Green Ivy vs Purbeck Stone
Green Ivy (Dulux) and Purbeck Stone (Farrow & Ball) come from different manufacturers. Hue-wise, Green Ivy belongs to the green-greige family and Purbeck Stone to the greige-grey family. The 3-point LRV gap — 52 for Purbeck Stone vs 49 for Green Ivy — means Purbeck Stone will open up a space more effectively. Both share a warm character, which means they'll respond to light and surrounding materials in similar ways. ΔE 5.5 means they're clearly different, but not dramatically so — they'd pair well in the same room. Below you'll find 2 real-room photo comparisons where both colors appear side by side, plus 5 simulated room previews.
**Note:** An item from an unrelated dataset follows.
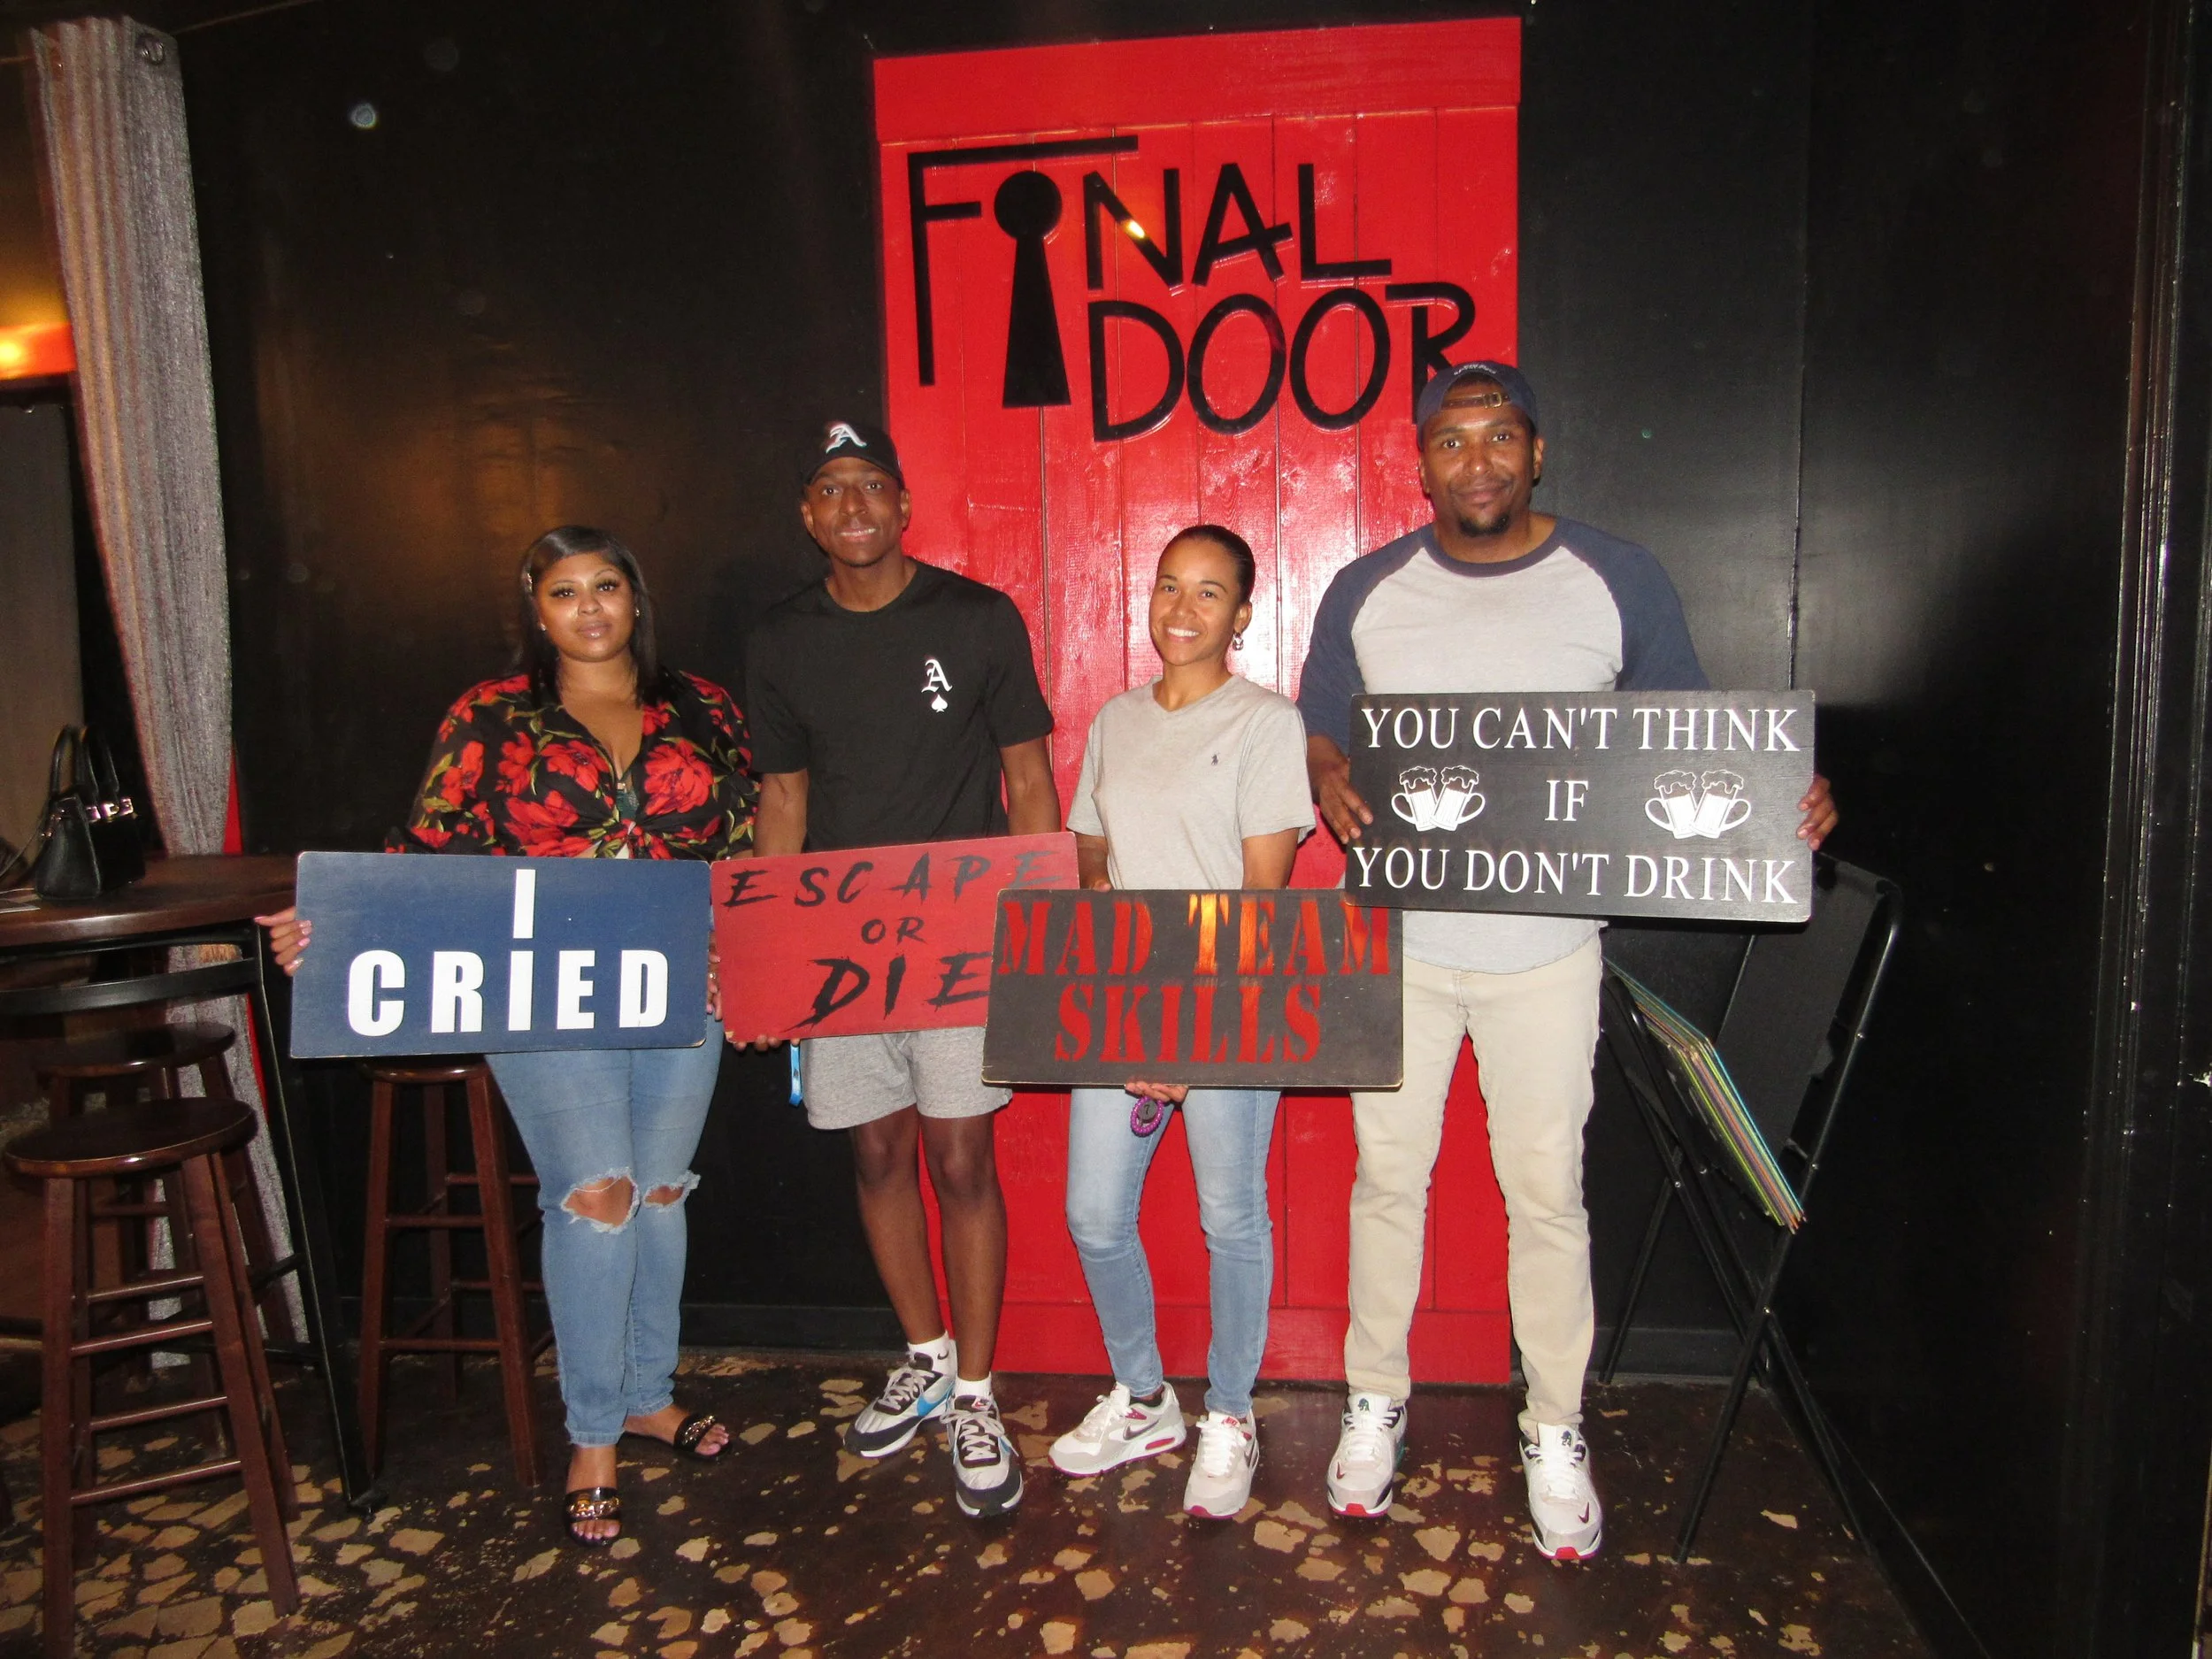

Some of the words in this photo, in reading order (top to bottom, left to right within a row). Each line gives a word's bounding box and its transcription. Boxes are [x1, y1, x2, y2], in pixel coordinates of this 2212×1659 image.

Green Ivy vs Purbeck Stone in Real Spaces
2 real rooms side by side. Green Ivy and Purbeck Stone are close enough that the difference can be hard to judge from a chip alone — these photos show how each reads at scale, across different spaces and lighting conditions.
Living Room
A living room wall sees more varied light than almost any other surface in the house, which makes the choice between these two more nuanced than a chip suggests. The distinction reads clearly at room scale, making the choice between them concrete.
Dining Room
Dining rooms often rely on warm incandescent or candlelight, which flatters warm undertones and mutes cool ones. Side by side like this, the difference is easy to read — which is exactly why seeing them in a real space is more useful than comparing chips.
Color Details
Green Ivy vs Purbeck Stone Simulated Comparison
5 simulated room previews — drag the slider on each to see Green Ivy on one side and Purbeck Stone on the other.
Digital color is approximate. These simulations are generated from the manufacturer's hex values and overlaid on grayscale room photos — your screen's calibration, brightness, and viewing angle all affect how they render. Before committing to either color, test physical samples in your own space under the light you actually live with.
More Green Ivy comparisons
See how Green Ivy stacks up against other well-photographed colors across different brands and tones.